• **EXERCISE GOAL**
Could you filter the records below down to the lines that include the word "CARE"?

__________

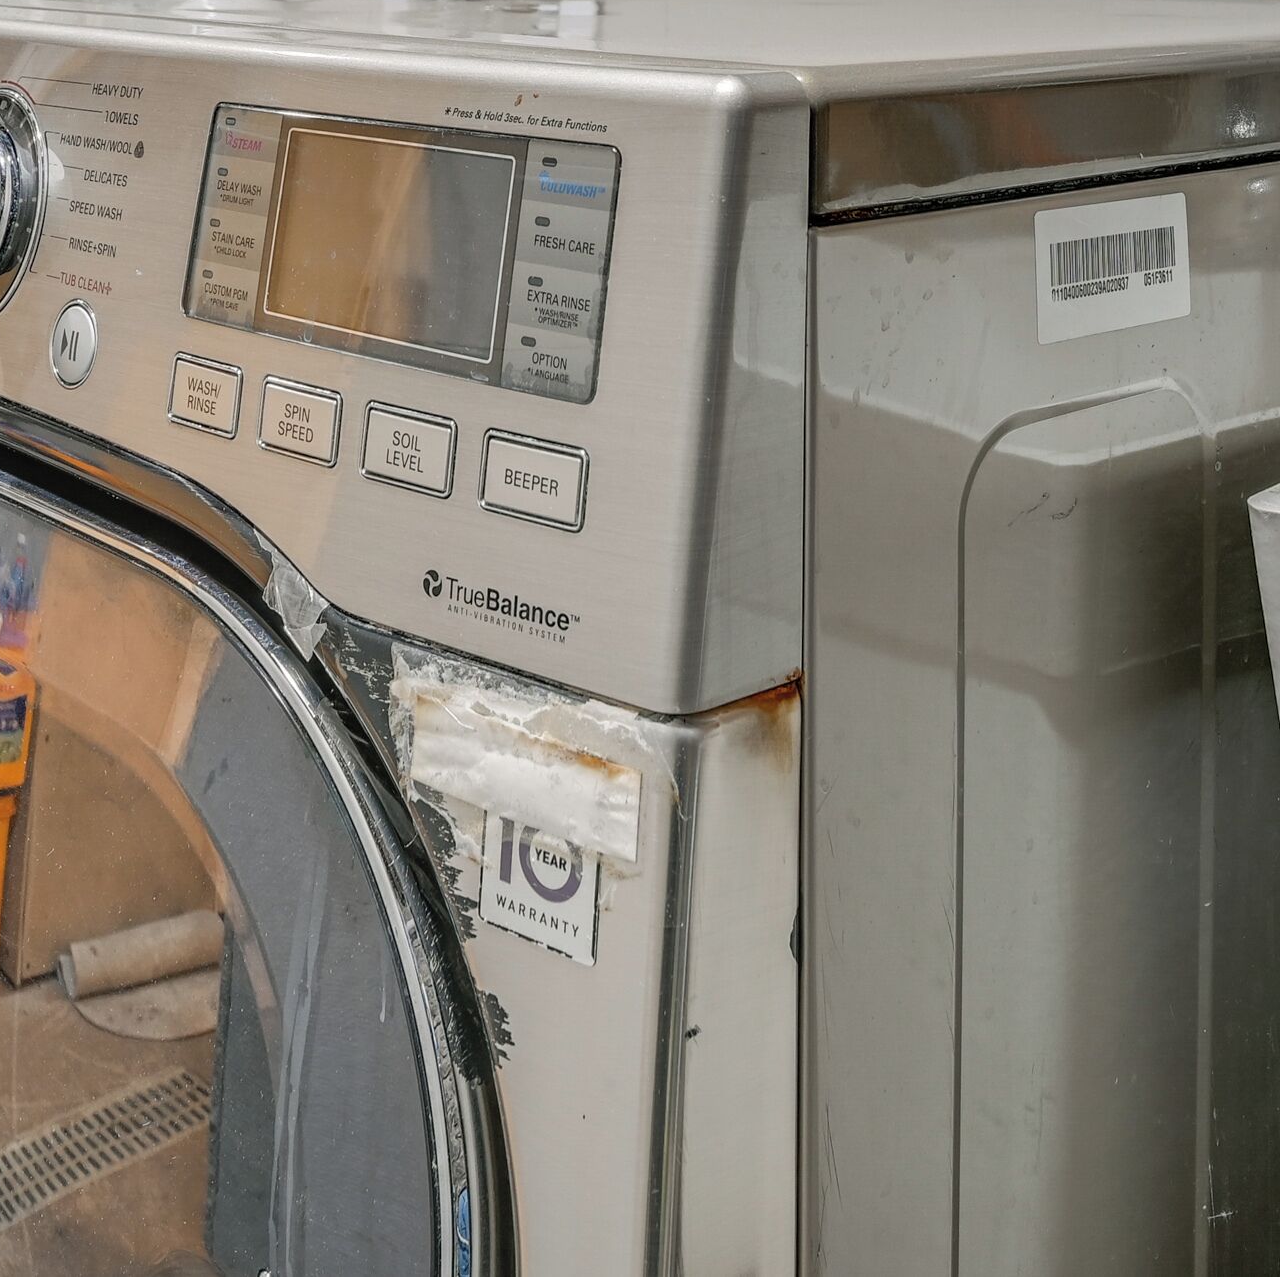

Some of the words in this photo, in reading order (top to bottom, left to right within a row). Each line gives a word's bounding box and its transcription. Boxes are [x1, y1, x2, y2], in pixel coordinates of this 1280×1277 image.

[92, 83, 118, 98] HEAVY
[120, 86, 144, 100] DUTY
[104, 110, 139, 127] TOWELS
[452, 108, 473, 120] Press
[475, 110, 482, 120] &
[483, 111, 503, 123] Hold
[527, 115, 540, 127] for
[541, 117, 564, 129] Extra
[565, 119, 608, 133] Functions
[60, 133, 80, 149] HAND
[81, 136, 133, 155] WASH/WOOL
[231, 136, 262, 152] STEAM
[84, 169, 129, 188] DELICATES
[217, 179, 239, 193] DELAY
[240, 183, 262, 196] WASH
[69, 200, 92, 217] SPEED
[93, 204, 123, 222] WASH
[238, 197, 254, 207] LIGHT
[68, 237, 117, 259] RINSE+SPIN
[212, 231, 234, 245] STAIN
[235, 235, 255, 249] CARE
[534, 234, 566, 251] FRESH
[568, 239, 596, 256] CARE
[232, 249, 248, 259] LOCK
[60, 272, 77, 287] TUB
[77, 275, 105, 294] CLEAN
[204, 282, 232, 297] CUSTOM
[233, 287, 249, 301] PGM
[225, 300, 239, 311] SAVE
[526, 289, 560, 306] EXTRA
[561, 295, 591, 312] RINSE
[539, 308, 579, 322] WASH/RINSE
[532, 351, 568, 370] OPTION
[187, 376, 221, 400] WASH/
[187, 393, 217, 417] RINSE
[284, 403, 311, 424] SPIN
[278, 421, 314, 444] SPEED
[392, 430, 421, 453] SOIL
[386, 449, 424, 474] LEVEL
[504, 468, 559, 498] BEEPER
[447, 604, 524, 633] ANTI-VIBRATION
[529, 626, 566, 644] SYSTEM
[499, 816, 584, 904] 10
[535, 847, 568, 872] YEAR
[496, 893, 580, 938] WARRANTY

__________

• **RESPONSE FOR THIS EXERCISE**
[235, 235, 255, 249] CARE
[568, 239, 596, 256] CARE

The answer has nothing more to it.